Tzum | Review: Hugo Claus – Belgium’s Sorrow

(This is a review from 1983, from Everhard Huizing’s archive)

Space-wide war

It took me two days to read the latest book by Hugo Claus Belgium’s grief read. Two days of almost uninterrupted reading for a book of almost eight hundred pages. But it was certainly not a war of attrition. Belgium’s grief is indeed a wonderful novel, and although the year has only just begun, I almost dare to speak of the most important literary event of 1983. In any case, it is a masterpiece, as writers usually only write one in their lifetime (and most never write themselves ).

IN Belgium’s grief Claus describes a touching episode in the life of the deceitful, unsympathetic and at the same time very endearing little boy Louis Seynave. When the book begins, he is almost eleven years old and we are on the eve of World War II. At the end of the book, the war is over; Louis is seventeen years old and in the process of becoming a writer. He already has a short story with the title Belgium’s grief. Action locations are mainly Haarbeke, Walle (Kortrijk) and Bastegem in West Flanders, where Hugo Claus also spent his childhood. Despite several similarities between the main character’s life and his own biography, Claus has emphatically pointed out in various interviews that he has not written his autobiography with this novel. What is it then? Different answers are possible. A historical novel, a family novel, a psychological novel, a novel about the origins of a writing career. All answers are equally good, and I believe that it is precisely this versatility that is an important part of the quality of this book.

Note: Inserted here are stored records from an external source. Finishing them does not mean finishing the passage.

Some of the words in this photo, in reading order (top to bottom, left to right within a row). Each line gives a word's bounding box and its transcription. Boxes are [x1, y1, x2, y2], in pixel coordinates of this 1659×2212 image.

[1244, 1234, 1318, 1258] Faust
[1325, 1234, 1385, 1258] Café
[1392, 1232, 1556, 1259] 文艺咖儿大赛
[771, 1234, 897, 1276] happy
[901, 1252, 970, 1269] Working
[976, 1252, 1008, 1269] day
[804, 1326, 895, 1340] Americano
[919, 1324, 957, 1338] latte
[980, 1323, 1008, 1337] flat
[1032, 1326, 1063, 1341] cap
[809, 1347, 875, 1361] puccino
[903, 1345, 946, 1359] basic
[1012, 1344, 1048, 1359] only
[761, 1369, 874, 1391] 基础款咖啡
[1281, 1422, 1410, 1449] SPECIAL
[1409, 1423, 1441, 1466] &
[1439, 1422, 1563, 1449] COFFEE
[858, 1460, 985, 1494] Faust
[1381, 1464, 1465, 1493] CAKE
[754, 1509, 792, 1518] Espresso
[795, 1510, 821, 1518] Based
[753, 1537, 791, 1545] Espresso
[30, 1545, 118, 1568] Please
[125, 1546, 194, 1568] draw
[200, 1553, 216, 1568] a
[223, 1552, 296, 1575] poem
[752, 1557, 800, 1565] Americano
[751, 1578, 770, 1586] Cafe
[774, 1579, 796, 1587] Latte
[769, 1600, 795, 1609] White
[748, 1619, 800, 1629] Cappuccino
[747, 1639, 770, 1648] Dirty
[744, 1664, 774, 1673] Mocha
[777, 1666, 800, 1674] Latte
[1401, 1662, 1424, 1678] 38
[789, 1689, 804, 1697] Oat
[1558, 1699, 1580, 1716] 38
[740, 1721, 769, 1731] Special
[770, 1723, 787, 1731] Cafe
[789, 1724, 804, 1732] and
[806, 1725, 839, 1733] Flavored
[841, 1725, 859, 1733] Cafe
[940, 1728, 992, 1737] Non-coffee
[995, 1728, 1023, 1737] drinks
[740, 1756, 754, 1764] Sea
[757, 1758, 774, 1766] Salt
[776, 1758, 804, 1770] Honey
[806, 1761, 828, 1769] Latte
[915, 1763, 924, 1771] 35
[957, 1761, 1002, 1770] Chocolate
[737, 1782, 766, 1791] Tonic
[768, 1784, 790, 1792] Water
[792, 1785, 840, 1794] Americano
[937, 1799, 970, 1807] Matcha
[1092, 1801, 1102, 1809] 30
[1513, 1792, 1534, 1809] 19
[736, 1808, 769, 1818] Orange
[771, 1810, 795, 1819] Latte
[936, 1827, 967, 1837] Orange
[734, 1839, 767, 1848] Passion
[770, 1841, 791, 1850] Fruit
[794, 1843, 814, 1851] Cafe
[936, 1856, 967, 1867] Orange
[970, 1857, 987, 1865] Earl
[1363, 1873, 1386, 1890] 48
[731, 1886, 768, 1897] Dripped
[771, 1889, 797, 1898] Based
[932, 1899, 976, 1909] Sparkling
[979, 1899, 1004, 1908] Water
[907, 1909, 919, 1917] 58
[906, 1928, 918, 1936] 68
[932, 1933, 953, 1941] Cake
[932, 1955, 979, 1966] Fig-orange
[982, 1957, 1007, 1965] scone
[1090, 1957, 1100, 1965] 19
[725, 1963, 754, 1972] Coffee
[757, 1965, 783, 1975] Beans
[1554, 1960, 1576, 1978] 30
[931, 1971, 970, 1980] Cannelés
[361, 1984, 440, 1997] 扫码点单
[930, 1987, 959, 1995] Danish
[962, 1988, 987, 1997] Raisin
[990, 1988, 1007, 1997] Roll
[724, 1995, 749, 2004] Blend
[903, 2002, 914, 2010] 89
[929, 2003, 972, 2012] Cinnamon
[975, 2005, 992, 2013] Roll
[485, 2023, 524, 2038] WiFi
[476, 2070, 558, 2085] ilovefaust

As said, the beginning and the end of the novel are marked by, roughly speaking, the beginning and the end of the Second World War respectively. More than a description of Flanders in wartime, however, Claus gives a picture of how the war was not an actual war for the Flemish (and at least for the petty-bourgeois family at Seynaverne). In particular, the staunch Flamingans, of whom Louis’s father was one, saw the Germans as liberators (from French ‘dominion’) rather than occupiers. The men admired the German organizational talent and the women the German politeness: “They certainly know how to treat a woman.” When Louis’ mother starts working in an office at ERLA (where German planes were repaired), his father’s biggest complaint is that she puts up with the amorous attentions of her German superiors too much. He is just jealous and nothing more than that. It is probably no coincidence that this novel largely consists of (superiorly reproduced) living room dialogues between Louis’ extremely talkative parents, grandparents, uncles and aunts, trivial dialogues in which the war is reduced to the width of space. People follow the great achievements, but discuss them only to the extent that they have direct consequences for their own business. As meat prices plummet due to D-Day, one of Louis’ aunts (who runs a butcher’s shop with her husband) makes the following immortal comment: “It’s cruel that your trade can depend so much on a landing in Normandy .”

I’m not a historian, but if Claus’s presentation is at all consistent with historical reality, I think many serious historians will be jealous of the way he has addressed the problem of Flemish cooperation (which is much more nuanced, by the way and complicated). than I can possibly list here). The question is, of course, whether the Flemish people will be so enthusiastic about this book.

Except about Flanders, the war and the Seynave families Belgium’s grief certainly not least about Louis’ upbringing. He is not only the main character of this novel, it is also through his eyes that we observe the actions of the other Seynaves. Louis is a very sad little boy who, from his strict upbringing in a nun’s boarding school, desperately tries to find his way through life through lies, lies and fantasies. Where reality is incomprehensible or unacceptable to him, he simply creates another in his imagination. In several places in the novel, it is also difficult to determine where the actual perception of Louis ends and the imagination begins. Of course, Claus is not doing anything new with that. One might even say that the theme of fantasy is fast becoming an obligatory subject in modern Dutch fiction. But while other authors often ‘treat’ this theme in a pedantic-academic way, Claus knows how to weave it into a tightly coherent whole in a very convincing way. The composition also forced my admiration. In an interview de Claus stated that this time he had not wanted to be bound by ‘a psychological story with a beginning, a rise and an end’. It was actually missing Belgium’s grief even a hint of intrigue. The book consists of an almost endless series of separate scenes, scenes and anecdotes. However, none of them seemed to me to be out of place or to be omitted.

Everhard House

Hugo Claus – Belgium’s grief. The busy bee, Amsterdam.